Nebuchadnezzar told Shadrach, Meshach, and Abednego that he’d have to execute them by burning them in a furnace if they didn’t change their minds. It was his law, and it was the Chaldean way: this type of execution is mentioned in the Code of Hammurabi.
What Shadrach, Meshach, and Abednego then said to Nebuchadnezzar was remarkable. They said that their God could rescue them, but that “even if he does not”—that’s the remarkable part—“we want you to know, o king, that we will not serve your gods or worship the image of gold you have set up.”
So he threw them into the furnace, but looked and saw them walking around inside the furnace, talking to a fourth person who looked like “a son of the gods.” Nebuchadnezzar called to them to come out. They came out. Their clothes and hair weren’t singed, and—I like this part, I would never have thought of it were I making it up—there was no “smell of fire” on them. So, God had rescued them, and the “even if he does not,” you see, when they got around to writing the story, was unnecessary. But they put it in anyway. That’s the remarkable part.
The empty tomb
If I were to make it up, this isn’t how I’d do it. After his execution, Jesus was dead in the tomb, but women discovered that he wasn’t there anymore. Not the inner circle, not the disciples, not the guys who followed Jesus, the guys who wrote the stories that we now read: They didn’t discover the empty tomb. The women did, ran back, told the disciples, but the disciples didn’t believe them. Then the disciples wrote it all down, just like that, disbelief and all, just like we have it now. I wouldn’t have done it that way, were I making it up.
Christianity inherits the idea from Judaism, as it does many ideas, that the sundown before the next day is the next day. During Saturday’s Easter Vigil, Friday’s crucifixion looms but Sunday’s Easter begins. There is nothing remotely like this service, the Vigil.
The dark nave
A fire is lit, often outside, and is brought into the church by candles. Each person grips a candle and enters the dark nave. Each bright face floats down the center of the struggling-to-be-seen church. “The Light of Christ” is intoned. “Thanks be to God,” answer the faces.

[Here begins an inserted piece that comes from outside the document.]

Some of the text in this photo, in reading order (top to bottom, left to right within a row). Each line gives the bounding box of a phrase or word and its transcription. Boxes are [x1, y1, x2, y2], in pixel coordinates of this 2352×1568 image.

Then someone walks to the lectern. It’s not an important person, in the scheme of things, not a pastor, priest, bishop. Churches with deacons, the lowest-level clerics, give the job of singing this Exsultet—what may be the greatest hymn of praise ever devised in all Christendom—to a deacon.

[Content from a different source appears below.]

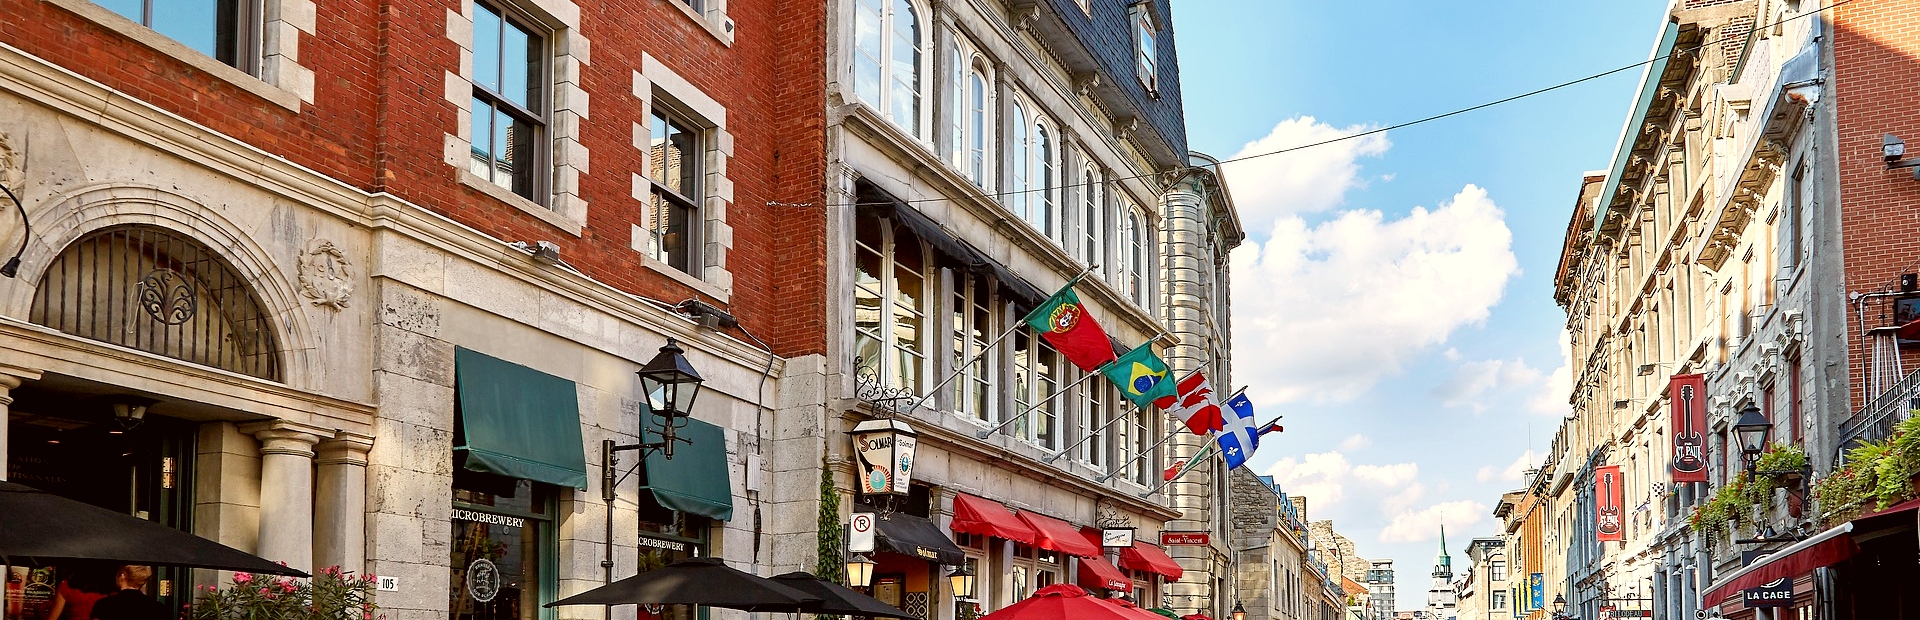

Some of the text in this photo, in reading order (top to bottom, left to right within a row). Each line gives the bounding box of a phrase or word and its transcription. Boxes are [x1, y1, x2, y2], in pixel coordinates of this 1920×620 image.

[859, 433, 893, 452] SOLMAR
[382, 578, 394, 589] 105
[1747, 591, 1791, 600] LA CAGE

Our church doesn’t have deacons, but it does have cantors, who are not clerics of any kind, not even deacons. I’m a cantor, so to me falls the job of chanting the Exsultet:
To all angels, rejoice. To every created thing, rejoice. To all around the world, rejoice. To all gathered here, rejoice. This is the night, it says, that we must pass through to rejoice. This is the night, it says, where all sacriﬁce ends. This is the night, it says, that turns clear as day. This is the night, this is the night, this is the night, it says.
It is ancient and mystical, weirdly involving, a rambling chant, not scripture but springing from echoes of scripture. One form praises the candles, “the work of bees and your servants’ hands.” It is strange. You see angels, faces, the children of Israel, wax, all creation reflecting the light while you sing.
I would never have said it this way. I so often don’t know what to say. My older sister, last month. Jeff, this week. Lucky to be included, but always suspended between Friday and Sunday, it seems, in this night, in this Vigil, so often not knowing what to say, with darkness but also with a candle someone handed me. With bright faces surrounding me.
So, with this piece I started, I’ll try not to make things up. I don’t know what to say, anyway. So I’ll tell the truth, “when things of heaven are wed to those of earth, and divine to the human. When all wickedness is put to flight and sin is washed away. How holy is this night when innocence is restored to the fallen and joy is given to those downcast.”